108th Congress Lacks Military Veterans
by Donald N. Zillman, Edward Godfrey Professor of Law
at the University of Maine School of Law
In this era of challenged national security and looming international
conflict, there is something significantly missing from the
newly elected 108th Congress of the United States: military
veterans. Fewer than 30 percent of legislators in the new
Congress have served in the military, down from 50 percent
in the 102nd Congress that oversaw Desert Storm.
For a Congress that faces the prospect of being one of our
rare wartime Congresses, the implications of congressional
remoteness from personal military service are sobering both
at home and overseas. Our constitutional commitment to civilian
control over the military requires a leadership that respects
and understands the professional capabilities of the military.

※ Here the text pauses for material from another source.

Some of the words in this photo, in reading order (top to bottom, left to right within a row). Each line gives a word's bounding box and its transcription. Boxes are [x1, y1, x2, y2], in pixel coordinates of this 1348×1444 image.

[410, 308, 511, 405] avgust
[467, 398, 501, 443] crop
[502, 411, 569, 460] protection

One useful indicator of this is a legislator's personal service
in the armed forces. By that standard, the 108th Congress
is our least militarily connected Congress in decades.

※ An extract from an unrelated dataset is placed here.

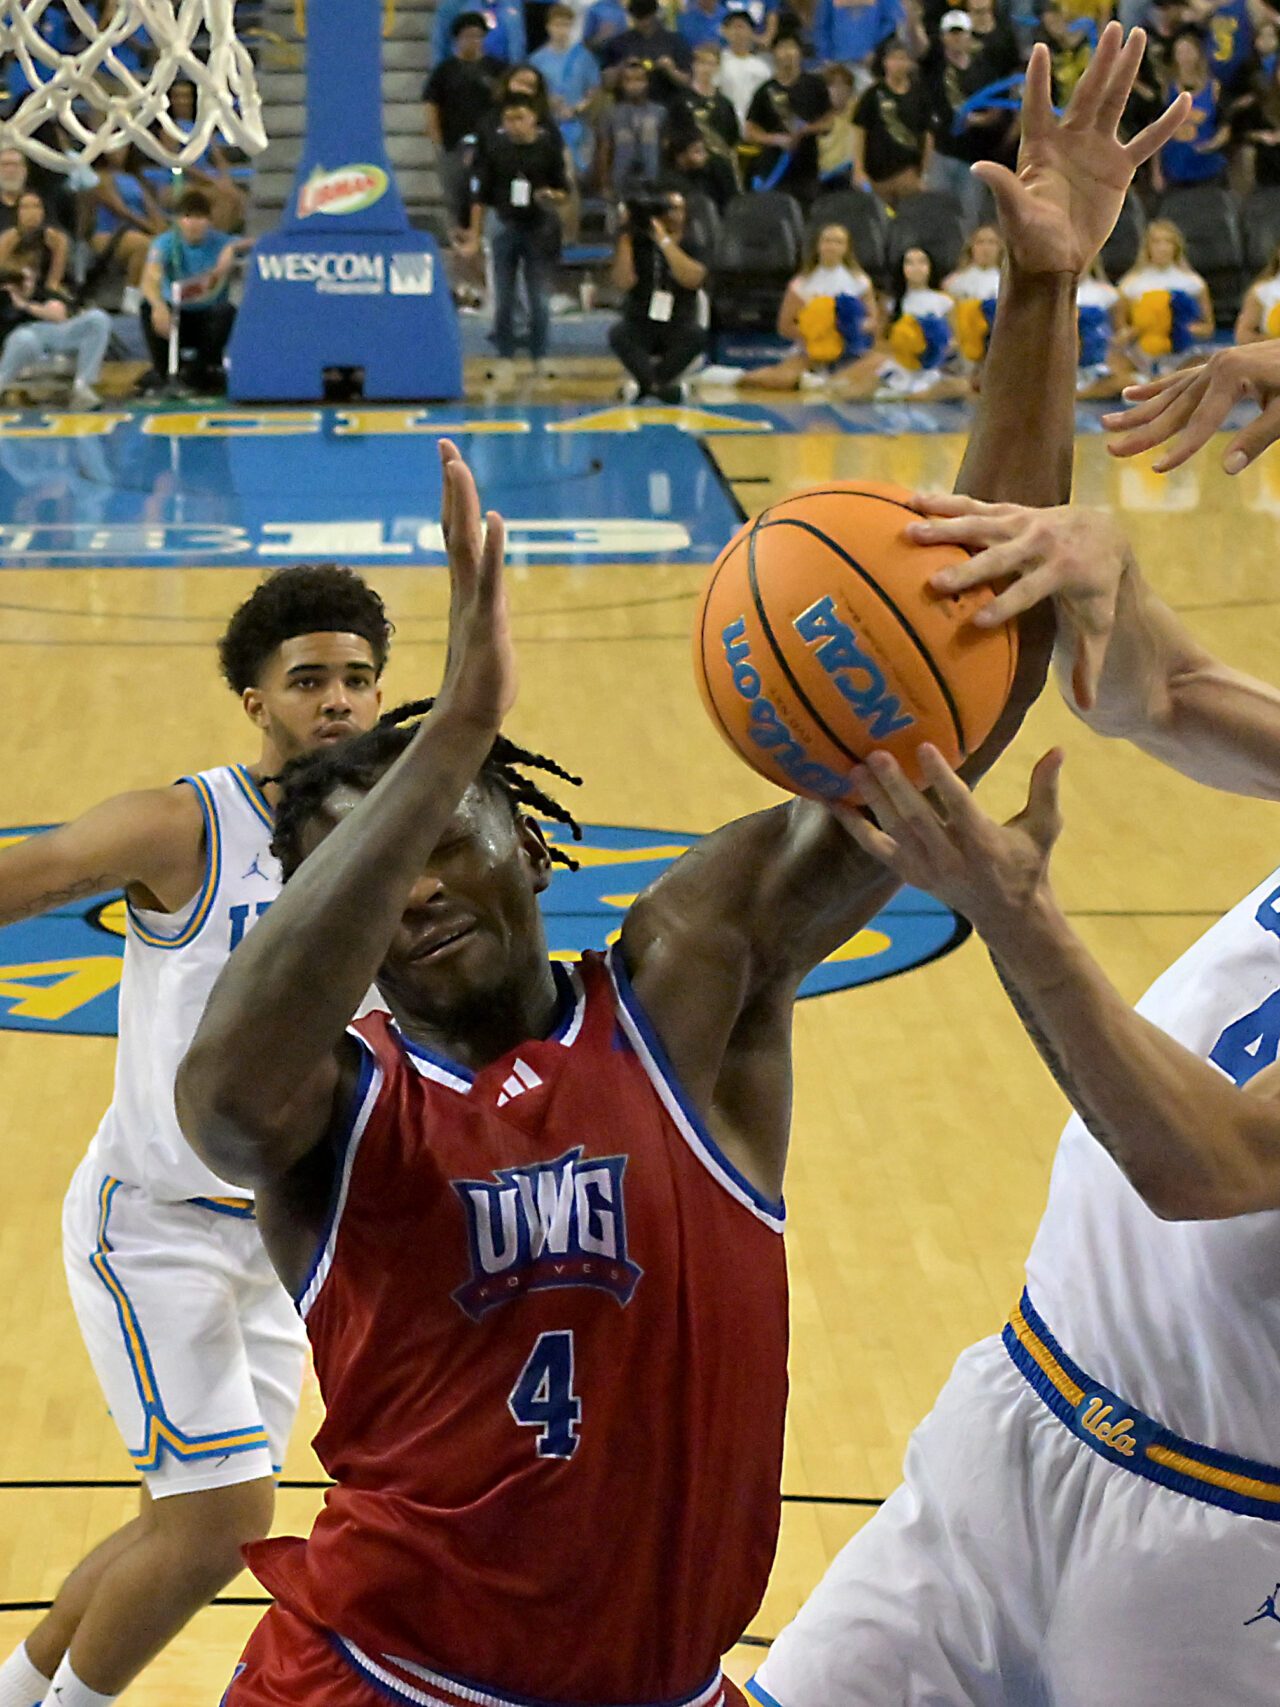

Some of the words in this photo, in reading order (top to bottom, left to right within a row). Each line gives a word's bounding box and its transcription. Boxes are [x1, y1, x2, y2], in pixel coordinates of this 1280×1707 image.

[257, 253, 383, 281] WESCOM
[792, 595, 915, 740] NCAA
[468, 1161, 616, 1274] UWG
[507, 1329, 582, 1460] 4

Several layers of social and political change have contributed
to this downward trend in veteran legislators. The most obvious
factor is America's decreased involvement in military conflicts
requiring conscripted military service. Over half of the 150
veterans that comprise the 108th Congress served some of their
service during the Viet Nam era. The enormous cadre of male
veterans that fought during World War II is aging out of legislative
service: only 11 remain in Congress. Quite possibly, by 2010,
Tom Brokaw's Greatest Generation will no longer be represented
in Congress.
Rarer still are veterans of America's volunteer military.
While there is an ample supply of legislators in their 30s,
40s and early 50s, only 10 legislators with military experience
started their service after 1973. The legislator of 2003,
thirty years removed from the conscripted military, is unlikely
to have served.
The composition of the new Congress also lends support to
the allegations that the Republicans have become the "party
of the military." Nineteen Republicans and 16 Democrats are
senators with military experience. Sixty-eight Republicans
and 46 Democrats are veteran House members. Of the new veteran
legislators of any age, six are Republicans, three are Democrats.
All 10 of the volunteer-era veteran legislators are Republicans.
The growing presence of women in the U.S. Congress also
changes the mix. While hundreds of women have graduated from
service academies and ROTC programs, and thousands have served
the military in enlisted capacities, only one female veteran
is in the new Congress -- Rep. Heather Wilson (R-N. Mex.),
a former Air Force officer.
The last, and most troublingly unquantifiable, factor is
that prior military service is no longer a necessary part
of the resume for an aspirant to federal elective office.
While a period of honorable military service is still a positive
factor for most prospective legislators, some key groups and
individual political power brokers may be suspicious of someone
who looks "too military." Conversely, the realities of military
service -- serving far away from home, committing to abstain
from political activity, and receiving only modest pay --
are not conducive to positioning oneself for a try for federal
elective office.
All evidence suggests that the loss of a veteran presence
in Congress will continue in the decade to come. It is the
erosion of a centuries-old tradition that has been the glue
in our Constitutional concept of a strong military operating
within the checks and balances of informed civilian control.
Why is active military experience useful to an individual
legislator and to the collective body of Congress? Why should
we be concerned as that experience walks off the floors of
the House and Senate? It is because the military is a complex,
distinctive culture; many of its primary missions do not have
precise civilian counterparts. The legislator who has commanded
a small unit in battle, flown combat missions, organized medical
care for mass casualties, or shipped supplies to a war zone
possesses valuable practical insights for a Congress that
will guide the War on Terrorism and possible war with Iraq.
Military veteran legislators can both help educate their non-veteran
colleagues and serve as a reality check for organizations
and individuals seeking to persuade Congress on issues of
military importance.
The United States Supreme Court in 1976 in Greer v. Spock
spoke of the "American constitutional tradition of a politically
neutral military establishment under civilian control. It
is a policy that has been reflected in numerous laws and military
regulations throughout our history." That tradition has eroded
over the last quarter century. We can only hope that both
political parties and the American voters will take a hard
look at its implications for our concept of a strong military
operating under a system of informed civilian control.
Donald N. Zillman is Edward Godfrey Professor of Law at
the University of Maine Law School in Portland. He is a veteran
of the U.S. Army, a former visiting professor of law at the
U.S. Military Academy at West Point and a former member of
the U.S. Army Judge Advocate General Corps.